Results: A substantial minority of participants
engaging in anal intercourse with casual partners reported their last
intercourse was unprotected because of presumed seroconcordancy (self-reported HIV–
16%; HIV+ 20%). Pure guessing accounted for 55% of serostatus
estimates among HIV+, and 36% among HIV– MSM. However,
among MSM not diagnosed HIV+, 62% had a test result older than 18
months or were untested. Contrastingly, 3% of HIV–, but 21% of HIV+
MSM reported serosorting as a main risk-reduction “strategy.” Compared with traditional safer sex strategies and
adjusted for the number of sexual partners, serosorting was strongly and
significantly associated with a recent history of bacterial STI among HIV+
MSM (OR 4.3, 95%CI 2.2 to 8.3); and with a recent HIV+ result among
all participants with a recent HIV test (OR 5.0, 95%CI 2.7 to 9.4).

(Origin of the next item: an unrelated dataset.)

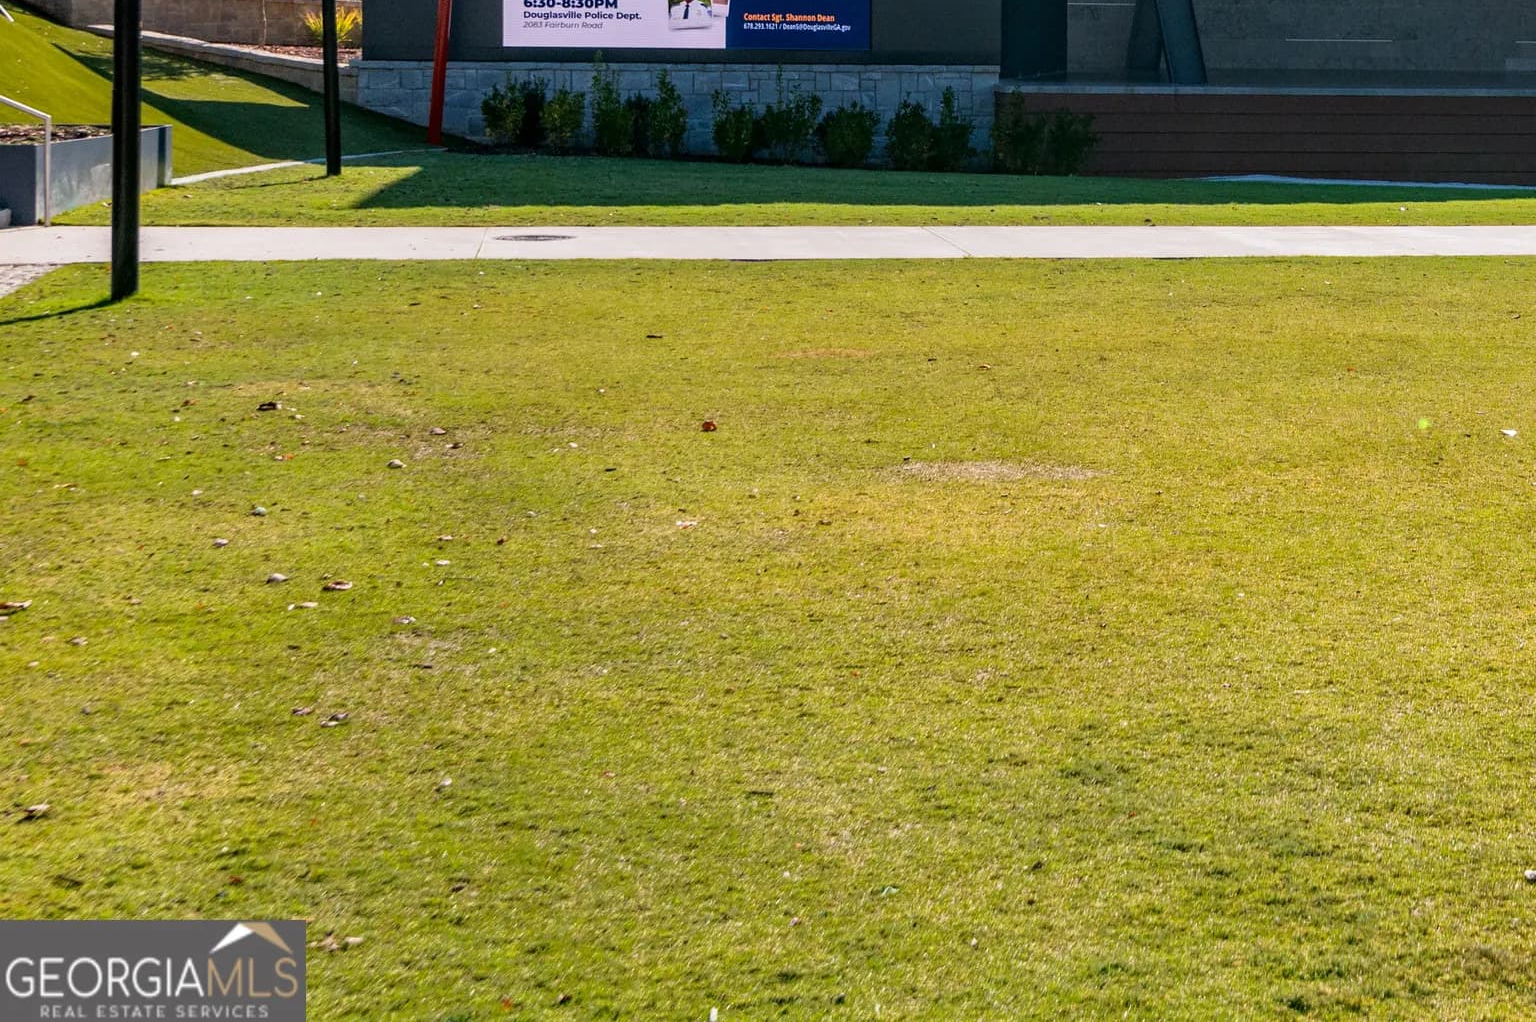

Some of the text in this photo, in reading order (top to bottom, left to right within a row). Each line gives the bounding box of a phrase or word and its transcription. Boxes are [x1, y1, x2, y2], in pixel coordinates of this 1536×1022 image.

[523, 11, 642, 21] Douglasville Police Dept.
[743, 12, 835, 23] Contact Sgt. Shannon Dean

Recent
syphilis diagnoses were reported by 26% of MSM with a recent positive, and by
3% with a recent negative HIV test result, suggesting high rates of
co-infection.
Conclusions: Serosorting is not uncommon among German MSM, but seems to qualify
as “strategic” only among MSM who are HIV+. However, serosorting is
frequently based on assumptions instead of disclosure. (Effective) serosorting
among HIV+ MSM increases incidence and prevalence of bacterial STI,
and hence the per contact risk for HIV transmission. Serosorting among MSM who believe
they are HIV– is highly ineffective and therefore may further
increase the risk for HIV transmission.